• [What the task asks]
Make an exact copy of every entry, from the first line to the last.

▼

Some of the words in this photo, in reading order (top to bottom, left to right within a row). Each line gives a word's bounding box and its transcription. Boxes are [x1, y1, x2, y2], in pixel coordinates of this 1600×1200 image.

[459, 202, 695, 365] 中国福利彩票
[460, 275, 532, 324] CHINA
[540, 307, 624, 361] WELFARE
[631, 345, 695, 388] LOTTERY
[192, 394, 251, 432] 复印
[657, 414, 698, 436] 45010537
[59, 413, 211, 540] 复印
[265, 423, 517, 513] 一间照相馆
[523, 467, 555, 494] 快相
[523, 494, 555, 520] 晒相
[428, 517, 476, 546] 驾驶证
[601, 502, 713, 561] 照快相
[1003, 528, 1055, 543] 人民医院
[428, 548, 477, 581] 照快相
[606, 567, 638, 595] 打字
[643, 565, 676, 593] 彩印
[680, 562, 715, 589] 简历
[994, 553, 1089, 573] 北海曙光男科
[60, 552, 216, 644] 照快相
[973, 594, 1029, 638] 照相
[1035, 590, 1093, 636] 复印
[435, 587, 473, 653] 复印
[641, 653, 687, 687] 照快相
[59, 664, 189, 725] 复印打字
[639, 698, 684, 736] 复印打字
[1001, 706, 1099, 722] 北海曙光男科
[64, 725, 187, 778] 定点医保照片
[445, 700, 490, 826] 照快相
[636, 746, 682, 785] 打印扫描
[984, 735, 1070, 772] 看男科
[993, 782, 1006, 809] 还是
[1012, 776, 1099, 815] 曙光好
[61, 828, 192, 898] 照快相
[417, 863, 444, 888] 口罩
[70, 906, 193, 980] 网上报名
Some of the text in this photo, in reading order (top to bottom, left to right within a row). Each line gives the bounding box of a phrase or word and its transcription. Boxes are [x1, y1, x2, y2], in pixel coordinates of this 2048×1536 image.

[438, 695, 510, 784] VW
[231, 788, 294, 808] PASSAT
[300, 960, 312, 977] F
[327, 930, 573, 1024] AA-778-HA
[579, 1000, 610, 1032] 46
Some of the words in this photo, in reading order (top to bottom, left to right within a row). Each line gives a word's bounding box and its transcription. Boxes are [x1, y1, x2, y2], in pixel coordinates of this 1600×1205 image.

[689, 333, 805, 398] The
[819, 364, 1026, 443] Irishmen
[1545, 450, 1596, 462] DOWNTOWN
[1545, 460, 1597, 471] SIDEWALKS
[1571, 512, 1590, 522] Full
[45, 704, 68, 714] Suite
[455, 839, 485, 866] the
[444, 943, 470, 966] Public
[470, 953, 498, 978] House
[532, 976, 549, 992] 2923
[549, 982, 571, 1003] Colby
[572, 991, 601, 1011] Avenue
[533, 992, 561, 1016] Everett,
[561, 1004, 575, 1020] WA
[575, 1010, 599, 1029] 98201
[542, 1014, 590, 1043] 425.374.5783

▲

• [Exercise result]
Some of the words in this photo, in reading order (top to bottom, left to right within a row). Each line gives a word's bounding box and its transcription. Boxes are [x1, y1, x2, y2], in pixel coordinates of this 1600×1200 image.

[459, 202, 695, 365] 中国福利彩票
[460, 275, 532, 324] CHINA
[540, 307, 624, 361] WELFARE
[631, 345, 695, 388] LOTTERY
[192, 394, 251, 432] 复印
[657, 414, 698, 436] 45010537
[59, 413, 211, 540] 复印
[265, 423, 517, 513] 一间照相馆
[523, 467, 555, 494] 快相
[523, 494, 555, 520] 晒相
[428, 517, 476, 546] 驾驶证
[601, 502, 713, 561] 照快相
[1003, 528, 1055, 543] 人民医院
[428, 548, 477, 581] 照快相
[606, 567, 638, 595] 打字
[643, 565, 676, 593] 彩印
[680, 562, 715, 589] 简历
[994, 553, 1089, 573] 北海曙光男科
[60, 552, 216, 644] 照快相
[973, 594, 1029, 638] 照相
[1035, 590, 1093, 636] 复印
[435, 587, 473, 653] 复印
[641, 653, 687, 687] 照快相
[59, 664, 189, 725] 复印打字
[639, 698, 684, 736] 复印打字
[1001, 706, 1099, 722] 北海曙光男科
[64, 725, 187, 778] 定点医保照片
[445, 700, 490, 826] 照快相
[636, 746, 682, 785] 打印扫描
[984, 735, 1070, 772] 看男科
[993, 782, 1006, 809] 还是
[1012, 776, 1099, 815] 曙光好
[61, 828, 192, 898] 照快相
[417, 863, 444, 888] 口罩
[70, 906, 193, 980] 网上报名
Some of the text in this photo, in reading order (top to bottom, left to right within a row). Each line gives the bounding box of a phrase or word and its transcription. Boxes are [x1, y1, x2, y2], in pixel coordinates of this 2048×1536 image.

[438, 695, 510, 784] VW
[231, 788, 294, 808] PASSAT
[300, 960, 312, 977] F
[327, 930, 573, 1024] AA-778-HA
[579, 1000, 610, 1032] 46
Some of the words in this photo, in reading order (top to bottom, left to right within a row). Each line gives a word's bounding box and its transcription. Boxes are [x1, y1, x2, y2], in pixel coordinates of this 1600×1205 image.

[689, 333, 805, 398] The
[819, 364, 1026, 443] Irishmen
[1545, 450, 1596, 462] DOWNTOWN
[1545, 460, 1597, 471] SIDEWALKS
[1571, 512, 1590, 522] Full
[45, 704, 68, 714] Suite
[455, 839, 485, 866] the
[444, 943, 470, 966] Public
[470, 953, 498, 978] House
[532, 976, 549, 992] 2923
[549, 982, 571, 1003] Colby
[572, 991, 601, 1011] Avenue
[533, 992, 561, 1016] Everett,
[561, 1004, 575, 1020] WA
[575, 1010, 599, 1029] 98201
[542, 1014, 590, 1043] 425.374.5783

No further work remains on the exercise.